Geometry

BTW I need this quick! :)

Use Pythagoras theorem:

$AC=\sqrt{25^2-7^2}=24$

$CD=DA=12$(mid point)

Use Pythagoras theorem again:

$BD=\sqrt{7^2+12^2}=\sqrt{193}$

Find the sin of angle BCD:

$\sin \angle BCD =\sin \angle BCA = \dfrac{7}{25}$(angle BCD and angle BCA refers to the same angle)

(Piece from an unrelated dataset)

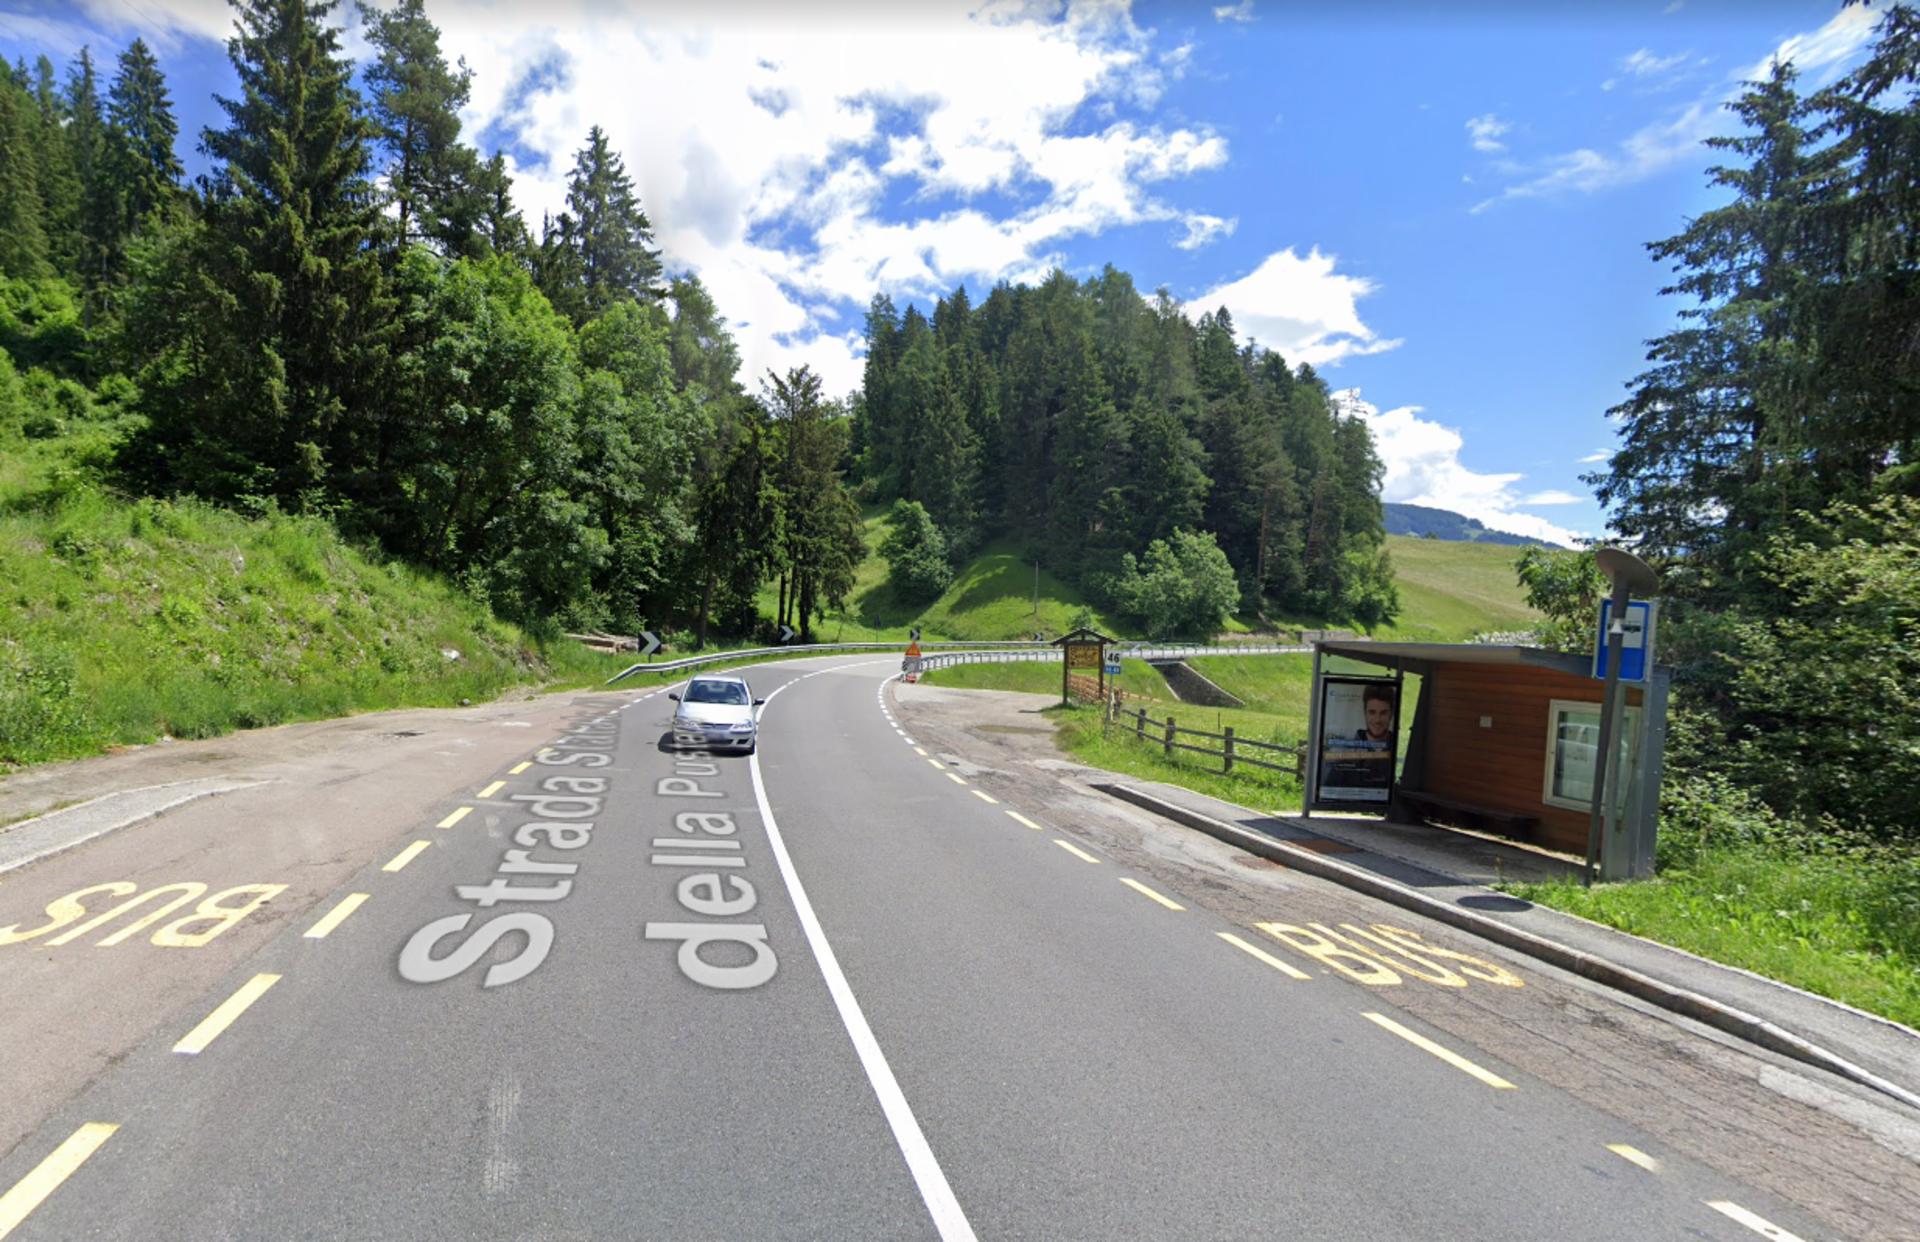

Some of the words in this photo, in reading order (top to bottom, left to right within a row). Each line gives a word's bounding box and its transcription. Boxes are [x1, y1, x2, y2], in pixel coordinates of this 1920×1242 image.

[1107, 652, 1120, 663] 46
[0, 881, 290, 947] BUS
[1253, 921, 1525, 988] BUS

Use law of sines on triangle BCD:

$\dfrac{BD}{\sin\angle BCD}=\dfrac{BC}{\sin\angle BDC}\\ \dfrac{\sqrt{193}}{\frac{7}{25}}=\dfrac{25}{\sin\angle BDC}\\ \sin\angle BDC = \dfrac{25\times \frac{7}{25}}{\sqrt{193}}=\dfrac{7}{\sqrt{193}}$

Construct a right-angled triangle with

legs = 7, -12(<-- negative because the angle is in the 2nd quadrant), hypotenuse=sqrt193

$\tan \angle BDC =-\dfrac{7}{12}$

Quicker way:

angle BDC = 90 deg + angle DBA

$\boxed{\tan(a+b)=\dfrac{\sin(a+b)}{\cos(a+b)}=\dfrac{\sin a \cos b+\cos a \sin b}{\cos a \cos b - \sin a \sin b}=\dfrac{\tan a + \tan b}{1-\tan a \tan b}}$

But because tan 90 deg does not have a meaning, we use the old definition:

$\tan 90^{\circ}=\dfrac{1}{0}$

So 

$\dfrac{1}{\tan 90^{\circ}}=0$

$\tan \angle BDC \\= \tan (90^{\circ}+\angle DBA)\\ =\dfrac{\tan 90^{\circ}+\tan{\angle DBA}}{1-\tan90^{\circ}\tan\angle DBA}\\ =\dfrac{1+\frac{\tan \angle DBA}{\tan 90^{\circ}}}{\dfrac{1}{\tan 90^{\circ}}-\tan \angle DBA}\\ =\dfrac{1+0\tan\angle DBA}{0-\tan\angle DBA}\\ =-\dfrac{1}{\tan\angle DBA}$

AC = 24 using Pyth. thm. <-- I am lazy in typing

AD = 24/2 = 12

So tan angle DBA = 12/7

So tan angle BDC = -1/tan angle DBA = -7/12 <-- done :)

Since BDA and BDC are supplemental, tan( BDA)   =  - tan (BDC) →  - tan (BDA)  = tan (BDC)

Using right angle trigonometry,  tan (BDA)  =  7/12

So  -tan(BDA)  =  -7/12  = tan (BDC)